Weißenhorn Gelber Sack unerwünscht

Da fliegt sie davon, die Idee von der Einführung des gelben Sacks in Weißenhorn. Der Stadtrat hat sich erneut gegen das Abholsystem für Verpackungsmüll ausgesprochen.
Da fliegt sie davon, die Idee von der Einführung des gelben Sacks in Weißenhorn. Der Stadtrat hat sich erneut gegen das Abholsystem für Verpackungsmüll ausgesprochen. © Foto: Oliver Schulz
Weißenhorn / CARSTEN MUTH 22.07.2015
Es bleibt dabei: Wer in Weißenhorn seinen Verpackungsmüll los werden will, muss zum Wertstoffhof fahren. Der Stadtrat hat die Einführung des Abholsystems "Gelber Sack" abgelehnt.

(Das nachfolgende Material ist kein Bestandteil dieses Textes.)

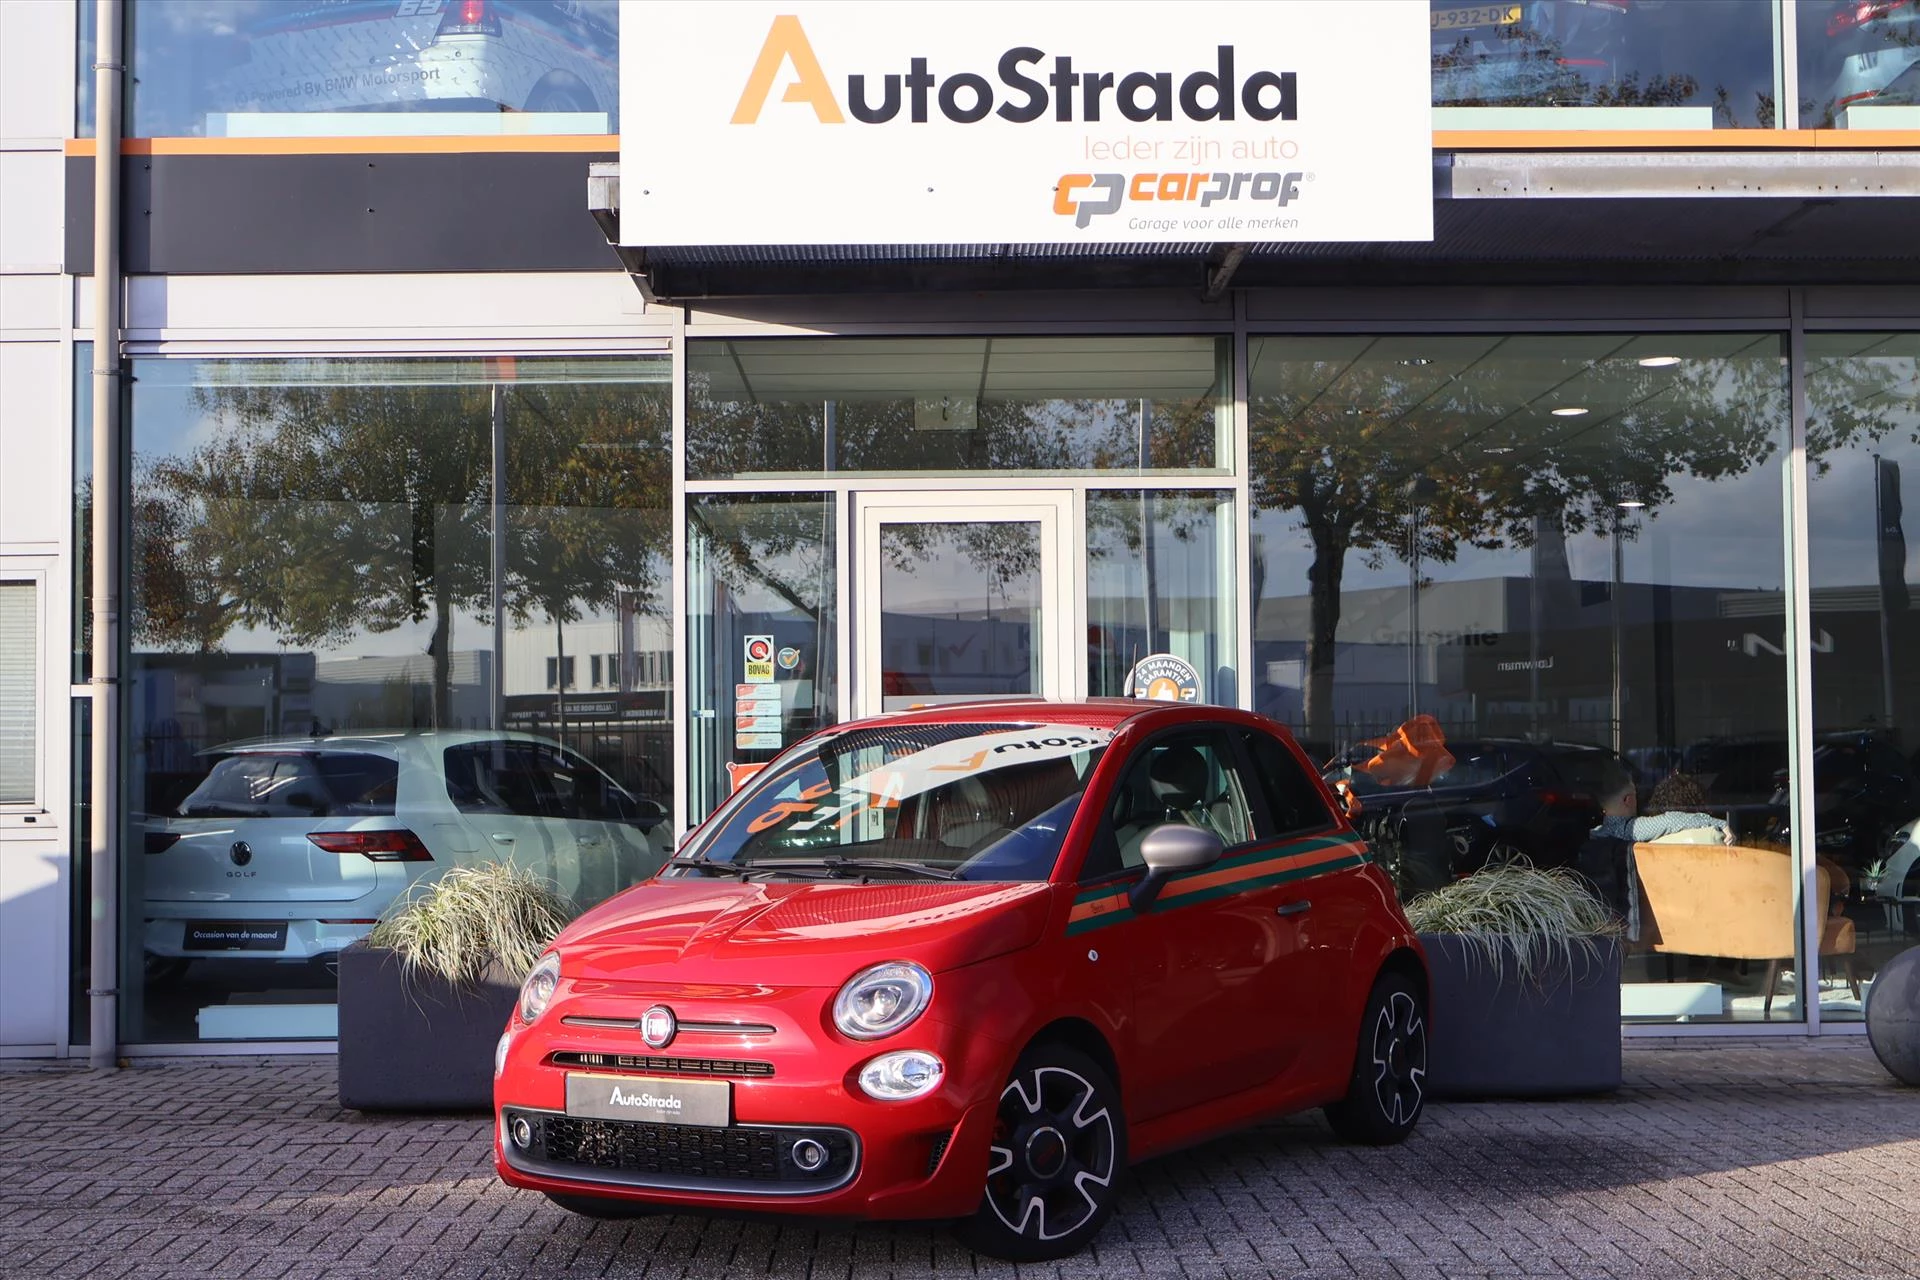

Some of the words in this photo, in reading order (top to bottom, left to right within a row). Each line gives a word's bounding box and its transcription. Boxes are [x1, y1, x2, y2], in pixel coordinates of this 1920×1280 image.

[729, 14, 1298, 124] AutoStrada
[304, 82, 321, 96] By
[325, 75, 358, 92] BMW
[362, 67, 441, 87] Motorsport
[1085, 135, 1164, 160] Ieder
[1173, 136, 1221, 166] zijn
[1231, 136, 1299, 160] auto
[1129, 172, 1303, 207] carprof
[1129, 217, 1178, 232] Garage
[1183, 220, 1213, 230] voor
[1218, 217, 1244, 230] alle
[1248, 217, 1299, 229] merken
[748, 664, 770, 675] BOVAG
[1136, 668, 1148, 681] 24
[1147, 660, 1192, 681] MAANDEN
[1143, 669, 1185, 686] GARANTIE
[193, 931, 225, 939] Occasion
[240, 931, 250, 939] de
[251, 931, 278, 939] maand
[609, 1086, 681, 1109] AutoStrada

Wieder einmal.

Beinahe hätten die Weißenhorner doch noch den gelben Sack bekommen. Auf Antrag der Grünen hat sich der Stadtrat am Montagabend mit den Vor- und Nachteilen des Abholsystems für Verpackungsmüll beschäftigt. Am Ende gab gerade einmal eine Stimme den Ausschlag. Mit 13:12 lehnte das Gremium die Einführung des gelben Sacks in der Fuggerstadt ab.

Seit mehr als 20 Jahren streiten sich Befürworter und Gegner des Systems. Wie schon bei den Abstimmungen nach diversen Anträgen in den vergangenen Jahren behielten auch diesmal die Gegner die Oberhand. Das wiederum heißt: Wer seinen Verpackungsmüll loswerden will, muss auch künftig zum Wertstoffhof fahren.

Dabei hatte sich die Stadtverwaltung dem Grünen-Antrag angeschlossen und den Räten die Einführung des gelben Sacks empfohlen. Bürgermeister Wolfgang Fendt jedoch stimmte gegen den Vorschlag.

Befürworter In der Aussprache im Stadtrat warb Grünen-Rat Ulrich Fliegel nachdrücklich für den gelben Sack. Zwar sei die Mülltrennung in der Fuggerstadt schon weit fortgeschritten. "Allerdings besteht ein deutlicher Nachholbedarf im Bereich Wertstoffe." Nach wie vor landeten in Weißenhorn zu viele Wertstoffe in den Restmülltonnen. Das müsse sich dringend ändern. "Wir sollten mit unseren Rohstoffen sparsam umgehen. Das würde einer beliebten Stadt gut tun", und das Image Weißenhorns verbessern.

Unterstützung erhielten die Grünen von Franz-Josef Niebling, Marcus Biberacher und Michael Schrodi, allesamt von der CSU. Niebling betonte, dass vor allem ältere Menschen von einem Abholsystem profitierten. Viele Bürger würden sich gerne den Weg zum Wertstoffhof sparen. Biberacher brachte einen Bürgerentscheid ins Spiel, schlug vor, alle Weißenhorner über die Einführung entscheiden zu lassen. Der CSU-Mann betonte: "Die meisten Weißenhorner wollen den gelben Sack. Ich werde immer wieder darauf angesprochen." Michael Schrodi bekannte: "Ich bin zu faul und schmeiße derzeit alles in die Restmülltonne. Wenn wir den gelben Sack bekommen, werde auch ich Müll trennen."

Gegner Die Fraktion der Weißenhorner Überparteilichen Wähler (WÜW) stimmte geschlossen gegen den Grünen-Antrag. WÜW-Sprecher Werner Weiss riet seinen Ratskollegen zu einem Besuch in Senden. Dort könne man sehen, wohin die Einführung des gelben Sacks führe: zu unschönen Anblicken und bedenklichen Umständen, "wenn Ratten und Katzen die Säcke am Straßenrand aufgerissen haben". Das müsse man nicht haben.

Günter Hogrefe (CSU) sagte klipp und klar: "Ich bin total dagegen." Gelbe Säcke seien "einfach nur hässlich" und verschandelten das Stadtbild. Die Einführung des Systems führe zu höheren Rattenbeständen. "Weißenhorn und die Müllentsorgung - das ist schon eine besondere Geschichte", räumte SPD-Fraktionssprecher Herbert Richter ein. Die Stadt lebe alles in allem gut mit ihrem Wertstoff-Bringsystem. Richter lehnte den Grünen-Antrag ab. "Weil die Nachteile die Vorteile überwiegen."